No Waste Challenge 2021 winner, Loop, produces the world’s first Living Coffin

Six feet under never felt more sustainable

The phrase “world’s first living coffin” might be somewhat of an eyebrow-raiser, but for Bob Hendrikx, one of What Design Can Do’s No Waste Challenge winners and founder of Loop, the Living Coffin is a means to change the planet for the better. The coffin is created using mycelium, the root-like structure of mushrooms, that decomposes and feeds the Earth as our bodies do the same. Compared to conventionally utilised wood coffins which require deforestation to create and take many years to decompose, the Living Coffin is a sustainable solution.

Hendrikx was first inspired to create this product during his university years. The Dutch designer was studying architecture at the time and was interested in how we, as a society, can leave a positive impact on the world or minimise the negative impact. From there, he started exploring various natural materials and building a good relationship with nature. “It made me decide, ‘Hey, I wanna have a positive impact, but how do we do that?’ For me, there was a moment to really make a fundamental change to no longer work with dead materials and start collaborating with living organisms and looking at ways we can have a more mutualistic relationship with nature instead of degrading it,” he says.

Hendrikx experimented with algae before learning of the wonderful potential mycelium holds. “I started working with a lot of organisms in nature that I thought we could collaborate with. So, I stumbled upon mycelium, which is the biggest recycler in nature, allowing new life tracks,” he says.

Hendrikx knew he wanted to create a human-centred product, so he conceptualised Loop, “to recycle us, and turn us back into plant food.” The coffin takes roughly 30-45 days to become one with nature while it has been estimated that the human body takes about 3 years to decompose in Loop, compared to the 10-20 years it takes in traditional coffins. 

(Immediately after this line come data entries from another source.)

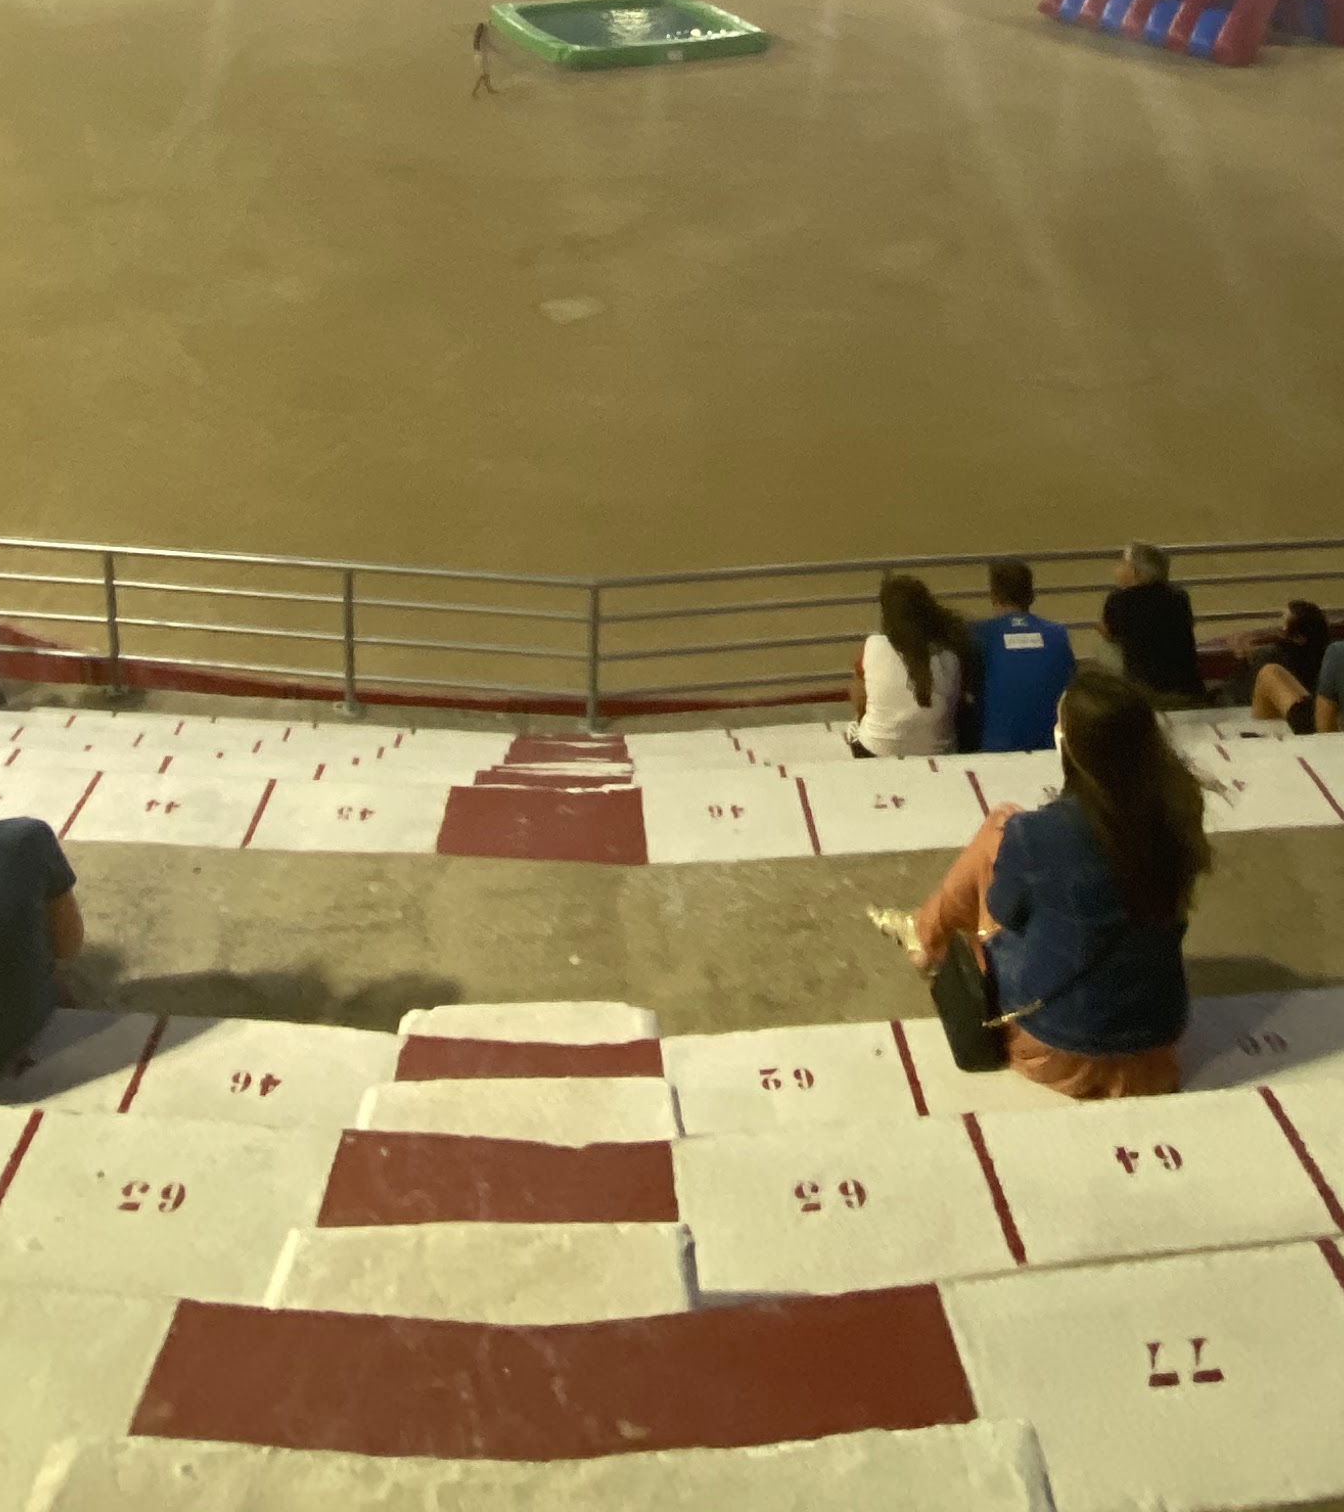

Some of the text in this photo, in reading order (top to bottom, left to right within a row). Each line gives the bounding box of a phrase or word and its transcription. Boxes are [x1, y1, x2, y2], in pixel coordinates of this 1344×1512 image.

[145, 799, 181, 815] 44
[873, 794, 906, 810] 47
[230, 1071, 282, 1097] 46
[759, 1067, 815, 1091] 62
[1114, 1144, 1183, 1175] 64
[1146, 1337, 1225, 1388] 77
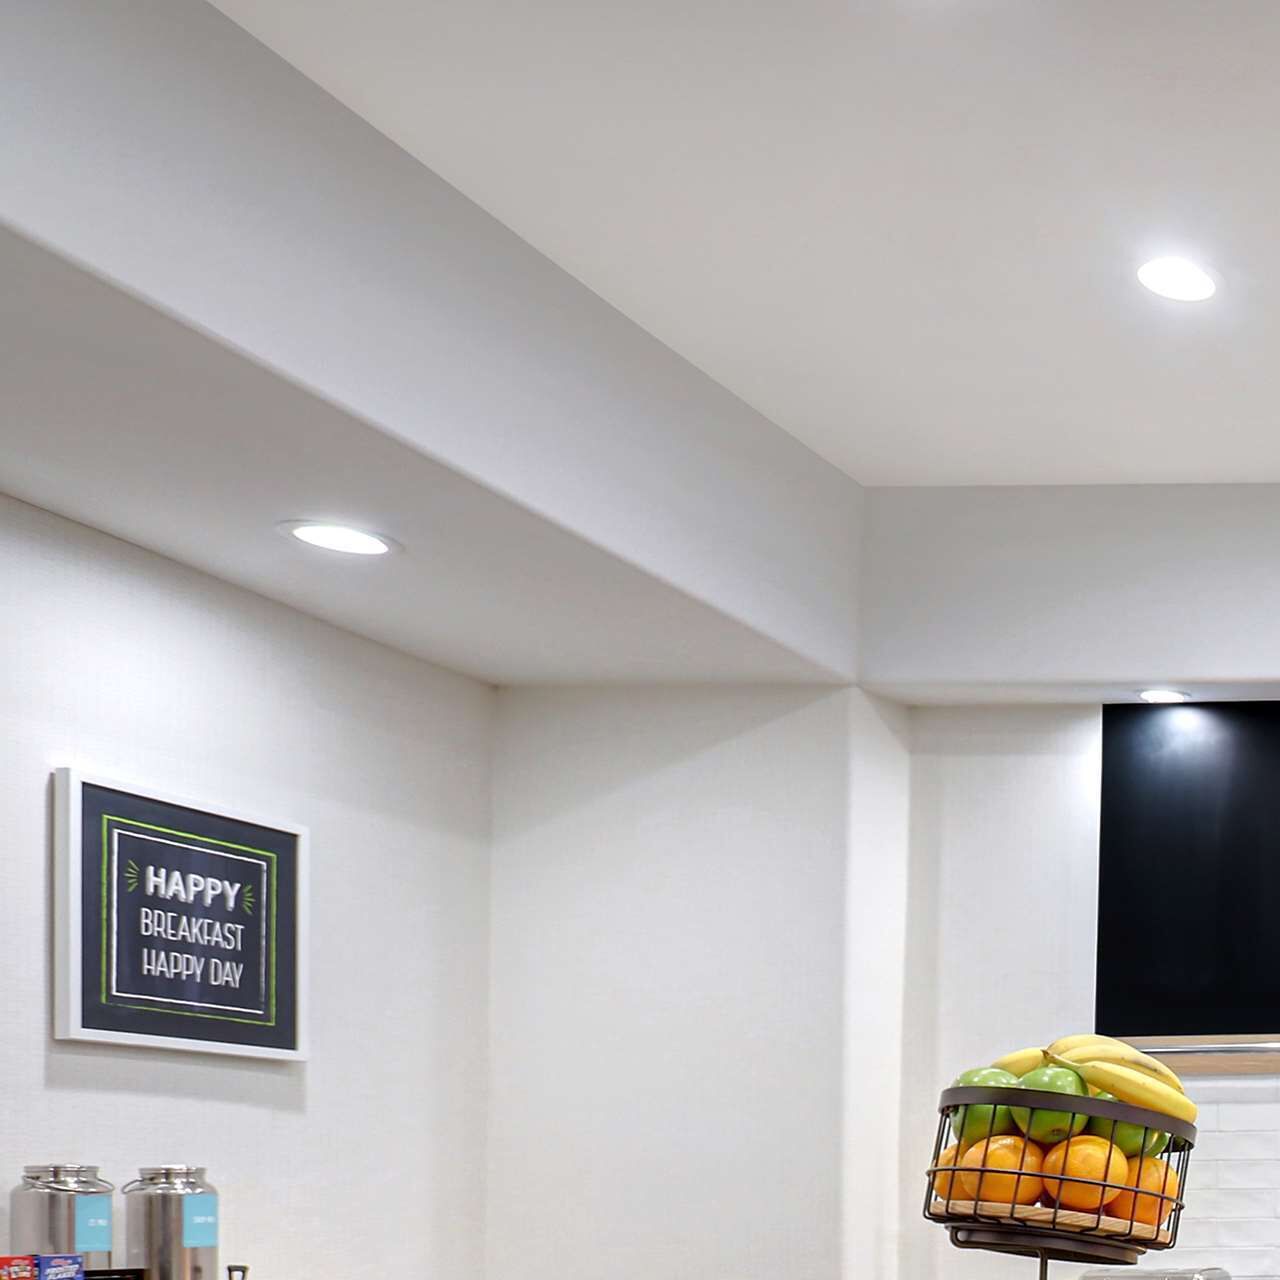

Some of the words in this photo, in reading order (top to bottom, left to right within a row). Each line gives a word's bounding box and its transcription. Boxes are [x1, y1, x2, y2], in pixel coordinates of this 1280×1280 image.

[145, 864, 241, 912] HAPPY
[139, 907, 245, 952] BREAKFAST
[142, 947, 205, 983] HAPPY
[209, 957, 244, 989] DAY

The designer says the pandemic has affected his business in two ways, both of which are positive. “Because of the pandemic, death was a bigger topic people spoke about so there was a lot of consciousness around the product because it was very new and explorative.” The other positive is that the pandemic addressed the harmful relationships we have with our environment, and therefore created a new focus on sustainable solutions.

According to Hendrikx, we can look forward to more living products that create new relationships between humanity and their environments from Loop.